START THE DATA

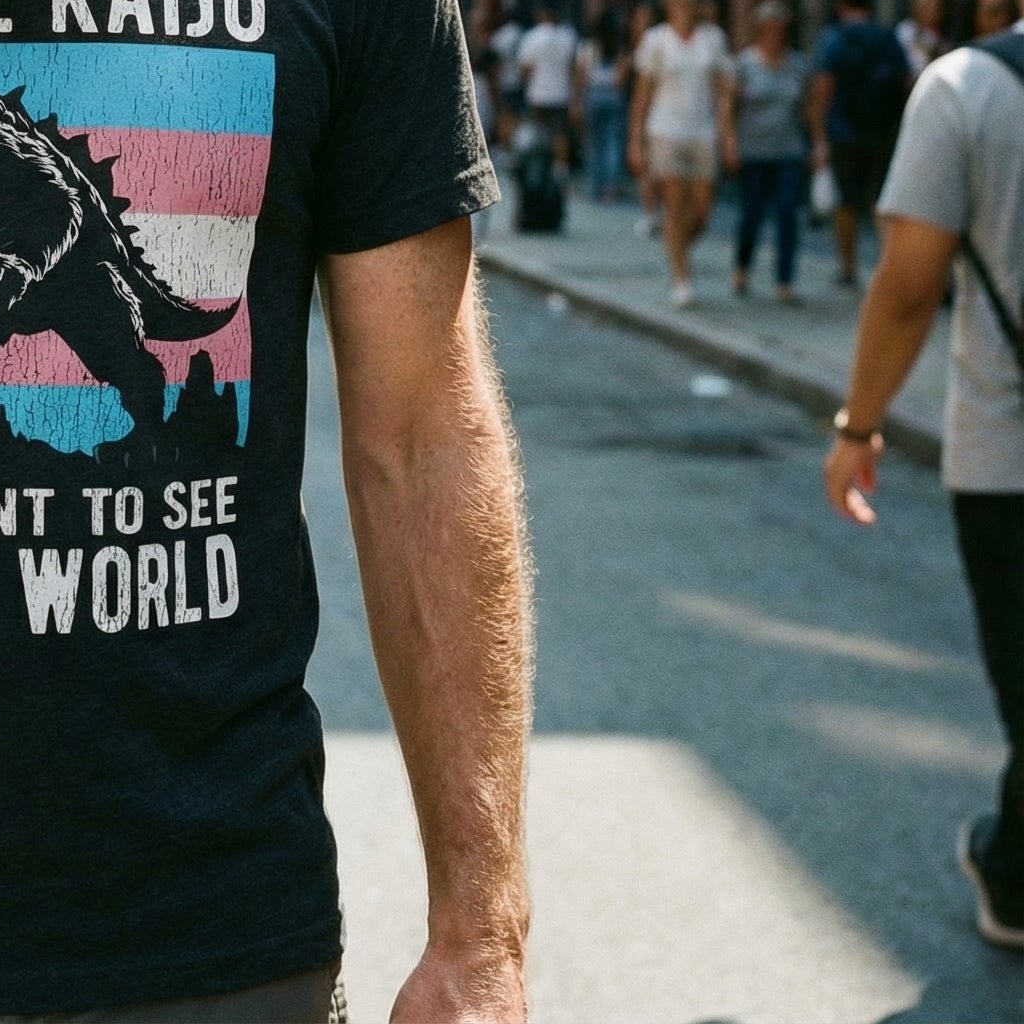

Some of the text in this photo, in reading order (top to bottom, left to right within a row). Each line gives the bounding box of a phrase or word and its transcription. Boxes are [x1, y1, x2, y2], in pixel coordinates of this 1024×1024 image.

[83, 487, 143, 535] TO
[163, 476, 237, 529] SEE
[19, 534, 239, 634] WORLD
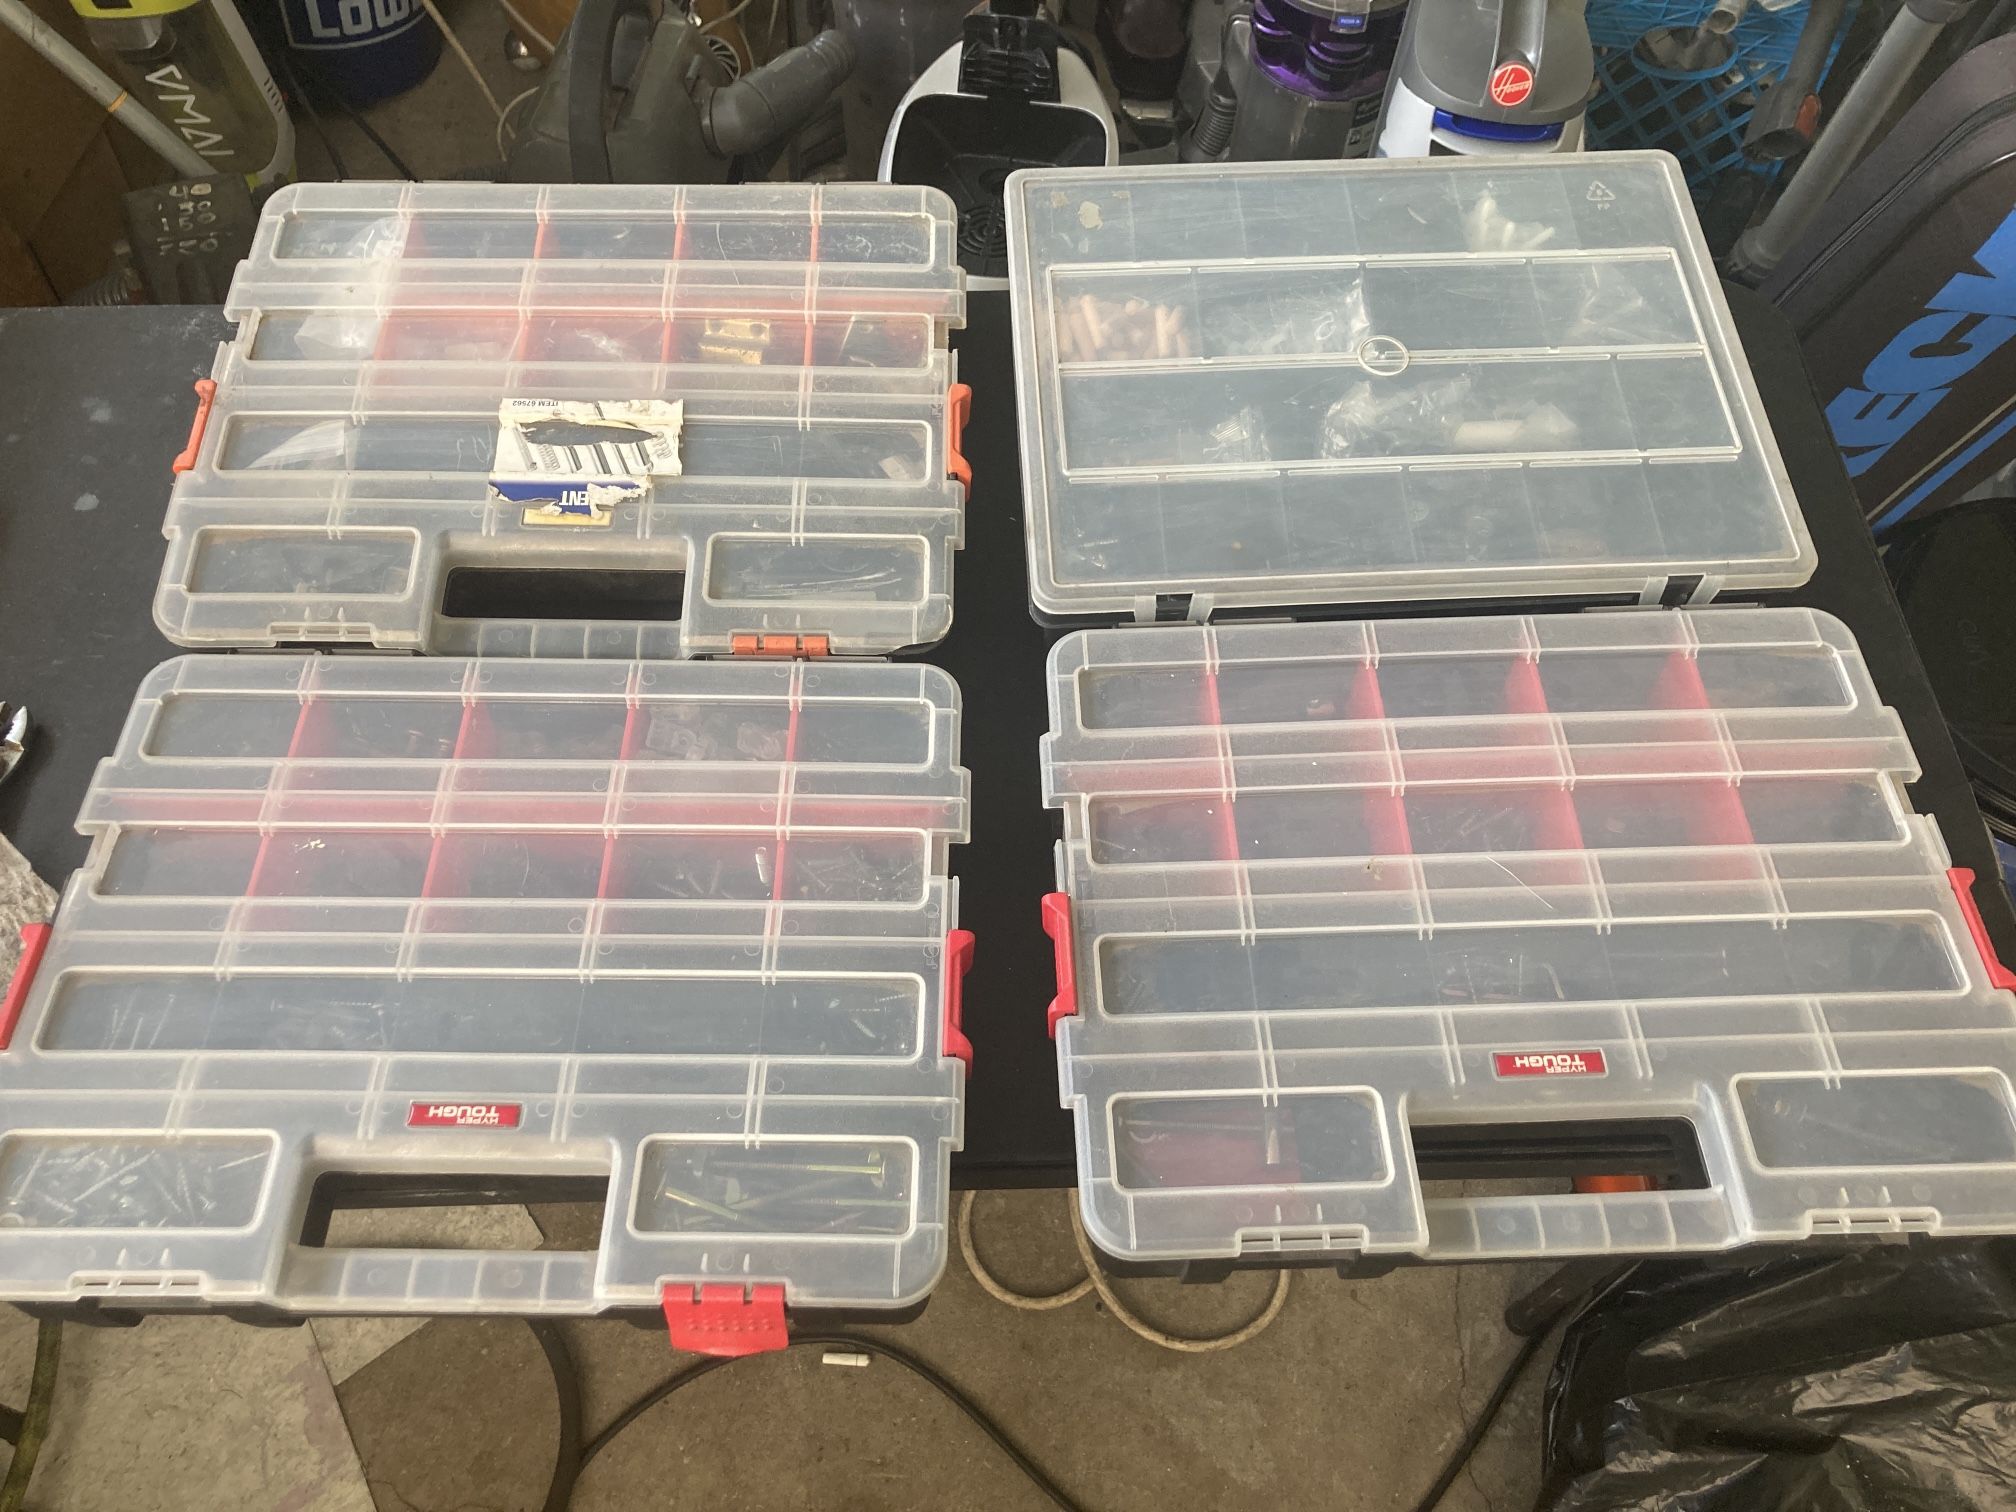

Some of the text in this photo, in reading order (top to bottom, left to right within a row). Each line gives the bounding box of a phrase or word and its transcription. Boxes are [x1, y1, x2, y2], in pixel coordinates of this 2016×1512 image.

[305, 0, 422, 38] LOW
[1514, 1054, 1585, 1068] TOUGH
[1546, 1065, 1587, 1074] HYPER
[428, 1105, 500, 1118] TOUGH
[456, 1116, 499, 1125] HYPER
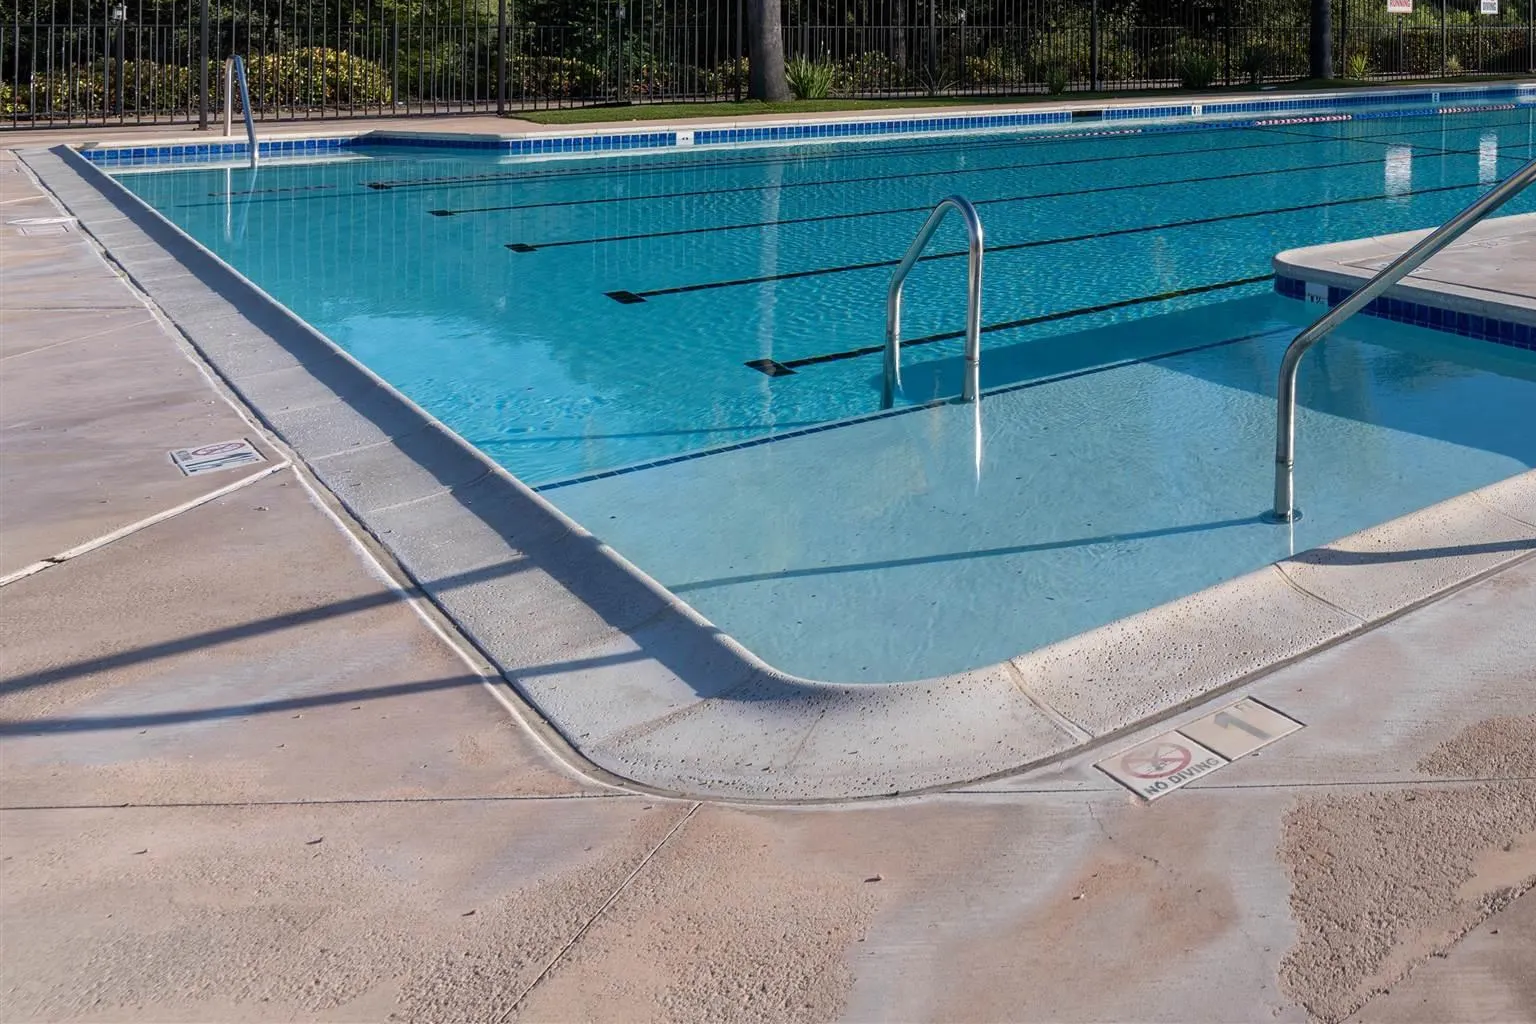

END THE DATA

● **EXERCISE BRIEF**
Nothing but the lines from the one that contains "this 2016×1512 image." through the last line of the records belongs in the answer, reproduced exactly, with no pictures.

● **THE ANSWER**
Some of the text in this photo, in reading order (top to bottom, left to right within a row). Each line gives the bounding box of a phrase or word and its transcription. Boxes are [x1, y1, x2, y2], in pixel coordinates of this 2016×1512 image.

[305, 0, 422, 38] LOW
[1514, 1054, 1585, 1068] TOUGH
[1546, 1065, 1587, 1074] HYPER
[428, 1105, 500, 1118] TOUGH
[456, 1116, 499, 1125] HYPER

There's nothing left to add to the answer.